Will NIN solve identity management issues?
ADEYEMI ADEPETUN, in this report, writes that while the National Identification Number (NIN) is getting entrenched in the Nigerian system, its impact on security remains critical.
Identity management is very key to the economic success of countries, especially developing ones. Countries racing to catch up with developments are working ceaselessly to develop robust and responsible identity ecosystems for progress and humanitarian action.
Such countries are buoyed by the need to establish identity-for-all, not just as a legal right, which is consistent with Sustainable Development Goal (SDG) 16.9, but also as a practical necessity to enable inclusive access to services.
Luckily, there is already a non-governmental international movement, the ID4Africa, which is supporting African countries in this drive. ID4Africa believes that service-oriented identity ecosystems built on the respect of privacy and human rights are essential for growth of digital economies and will become even more crucial as African countries move to implement the provisions of the African Continental Free Trade Agreement (AfCTA).
Various studies have shown that for developing countries to make good progress in the global space, they must be able to orderly develop a national identity management system and also ensure the proper execution of such policies.

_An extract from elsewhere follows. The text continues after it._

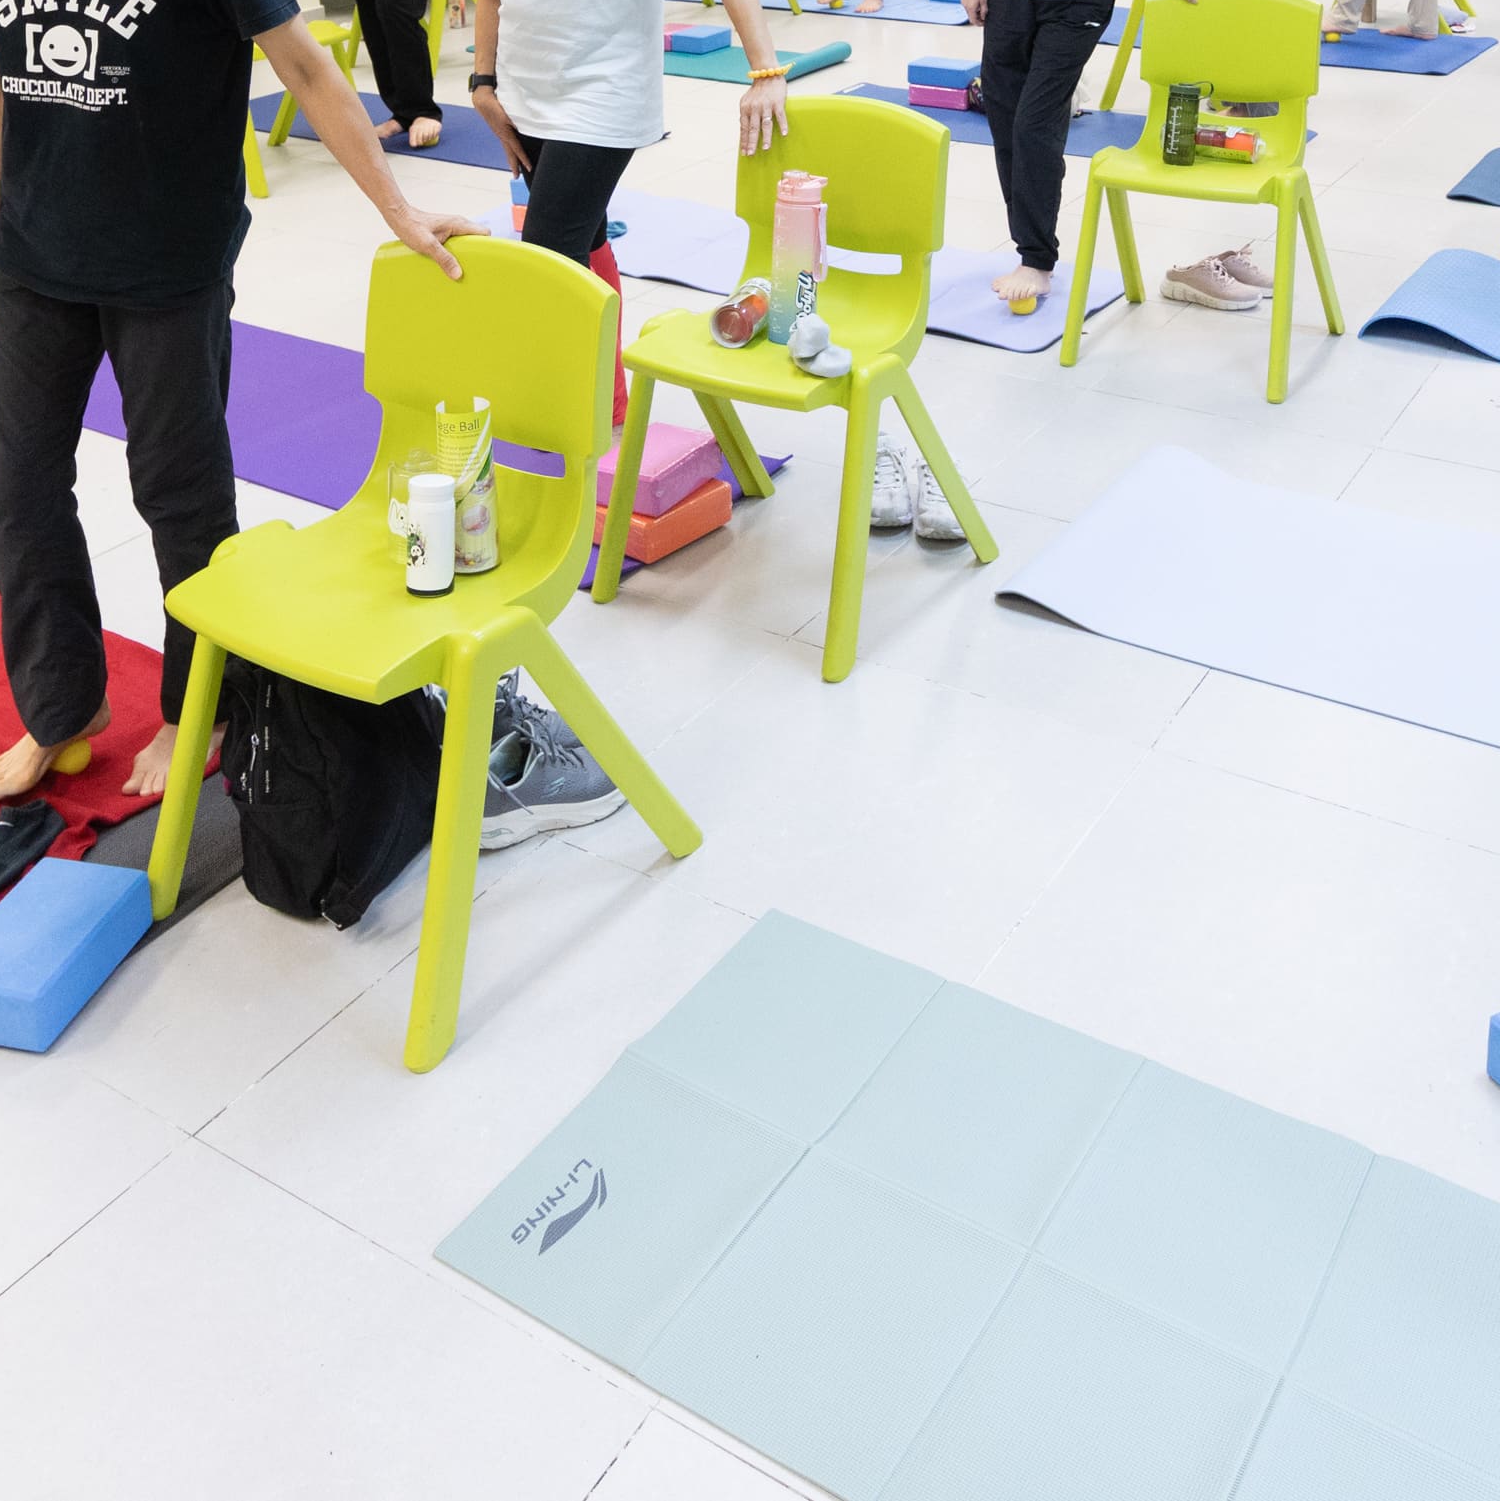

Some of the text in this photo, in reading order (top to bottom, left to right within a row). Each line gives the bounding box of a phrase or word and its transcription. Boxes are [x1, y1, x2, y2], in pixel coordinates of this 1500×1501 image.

[1, 75, 85, 103] CHOCOOLATE
[86, 87, 128, 105] DEPT.
[459, 419, 480, 432] Ball
[510, 1158, 593, 1245] LI-NING

However, extant studies have indicated that most developing countries are yet to fully embrace the application of identity management policy to the socio-economic and political life of their citizens. Nigeria took this giant step with the establishment of the National Identity Management Commission (NIMC) in 2007.
Despite having taken this important step, however, hurdles have, year after year, confronted the country in the quest to develop and maintain a robust identification database. The major impediment with regard to the adoption and implementation of identity management policy in Nigeria, before now, has been government’s indifference towards adequate investment on identity management technologies as well as adequate funding of the NIMC.
Today, in Nigeria, the National Identity Management Commission (NIMC), established by the NIMC Act No. 23 of 2007, has the mandate to establish, own, operate, maintain and manage the National Identity Database in Nigeria, register persons covered by the Act, assign a Unique National Identification Number (NIN) and issue General Multi-Purpose Cards (GMPC) to citizens of Nigeria as well us those legally residing in the country. The NIN has since proven to be a pivot to identity management for development, national security, planning and much more.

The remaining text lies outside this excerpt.